Directed by Max Opuls; produced by Wolfgang Reinhart
Department store model Leonora Eames (Barbara Bel Geddes) dreams of marrying a good and decent man, preferably a millionaire. She enrolls in a charm school, and attends society parties, but her meeting with the immensely rich tycoon Smith Ohlrig (Robert Ryan) is by chance. They wed, but their reasons for marrying are quite different, and soon Leonora is trapped in a nightmarish relationship with no way out.
This is an odd and rather unfortunate film in that the three principal actors - along with capable supporting players - give good performances in a very ordinary story with a bland script and an uninvolving plot: it was like big Hollywood names had been blackmailed into appearing in a hack-writer’s dream.

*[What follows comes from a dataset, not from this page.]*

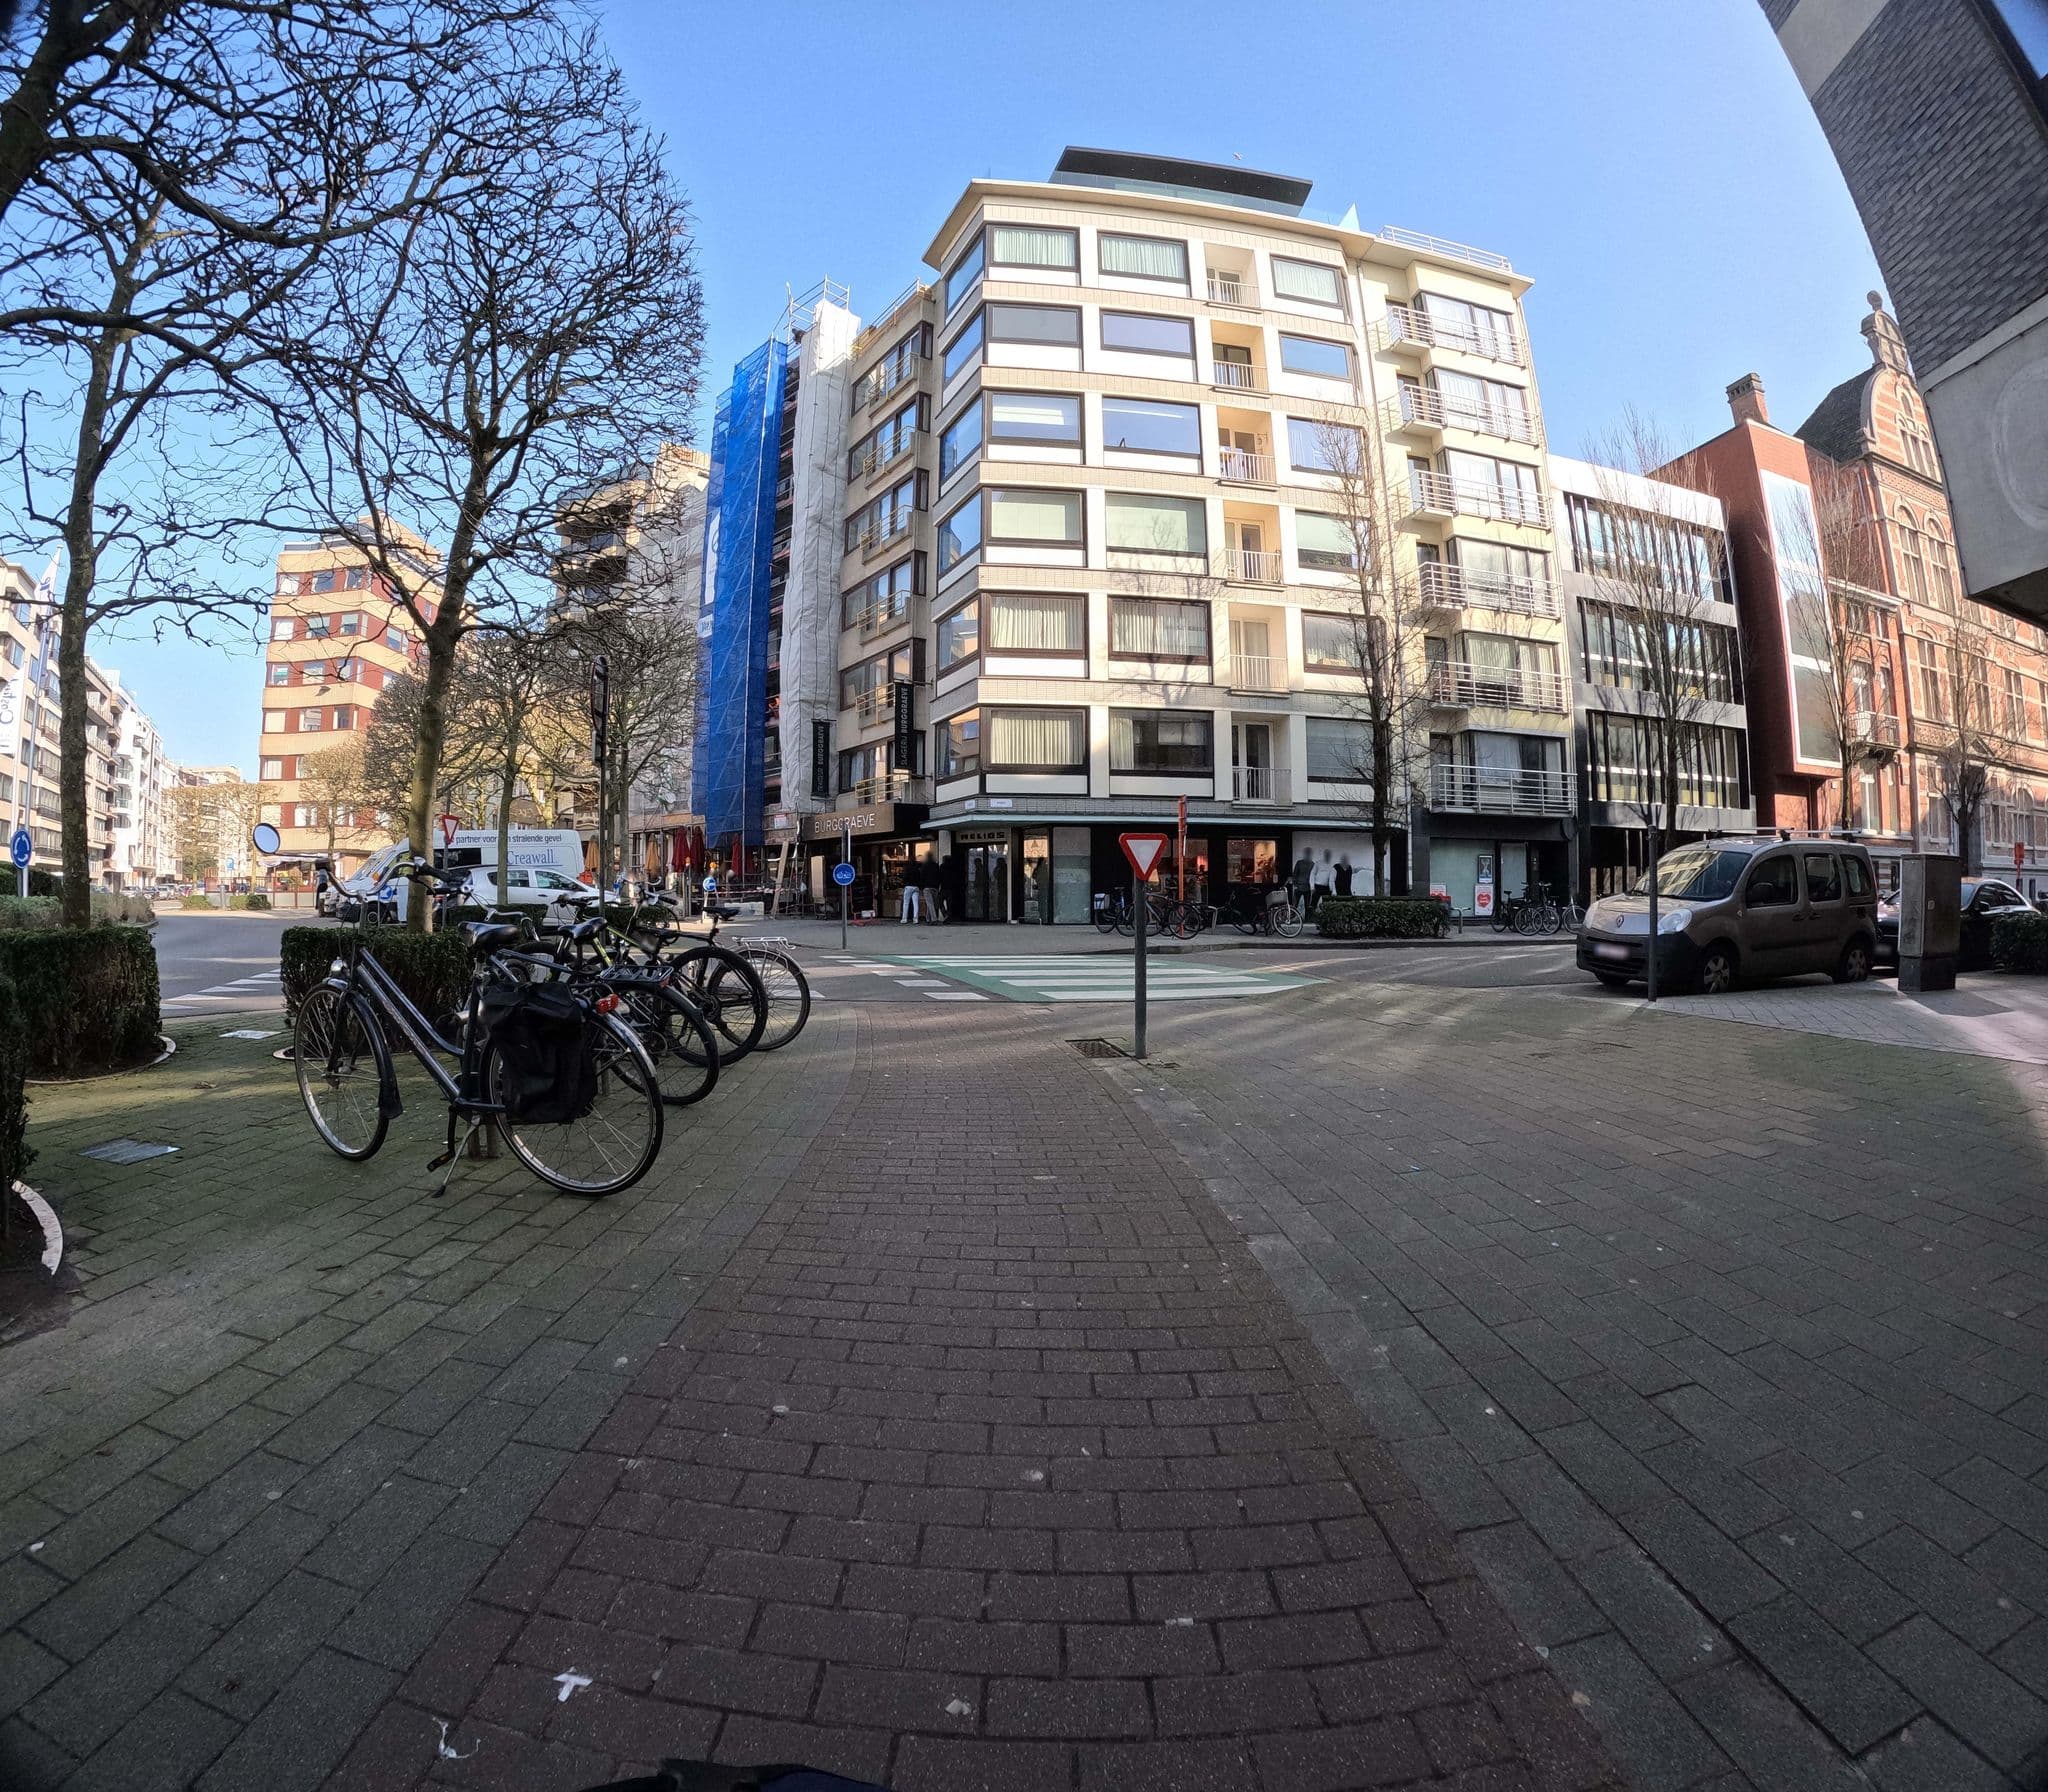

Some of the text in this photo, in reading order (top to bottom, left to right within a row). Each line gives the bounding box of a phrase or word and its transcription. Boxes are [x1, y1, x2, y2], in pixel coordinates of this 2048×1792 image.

The screenplay creates the sort of tale that has been seen many times. This in itself is not bad, as long as something extraordinary is done with it. That is not the case here. The story moves along predictably, except for the resolution, which is contrived and comes out of nowhere, rather like a deus ex machina without the god. The script has nothing really to offer in the way of decent dialogue or incidents, nor is it convincing: Leonora states and implies several times that she married Smith for love, but we see no evidence of it, perhaps because the best period of her marriage is skipped so that we can see its destruction a year later.
The characters present another problem. Leonora drifts along hoping for both love and riches. Smith’s taunts about her greed don’t seem entirely misplaced. She is not unlikeable, just not very appealing. Smith is another matter: his personality is so repellent he makes Charles Foster Kane seem like George Bailey from It’s a Wonderful Life. Whenever he feels he is losing an argument, he has a panic attack (called a heart attack in the movie). He is obsessed with women wanting to marry him for his wealth; he in fact marries solely because his psychiatrist believes Smith hates people so much that he never will marry. And the idea that someone like Smith would go to a psychiatrist at all is farfetched.
The most interesting character is James Mason’s, playing the requisite better alternative for Leonora. The character’s name - Larry Quinada - is probably the least James Mason-like name James Mason has ever taken on, and, with his “mid-Atlantic” accent, this paediatrician practising in New York’s semi-slums seems rather exotic. Nonetheless, Mason makes him interesting; far more than either of the other two principals.
Supporting actors include the prolific Frank Ferguson, playing Quinada’s easy-going and likeable partner, and Natalie Schafer, as the charm-school headmistress, while Barbara Bllingsley and child-actor (later writer and producer) Jimmy Hawkins appear unbilled.
While bits and pieces of Caught are interesting and even enjoyable, most are exceedingly average, if that. The viewer may be left with no significant memories other than that of highly capable actors in a highly mediocre movie.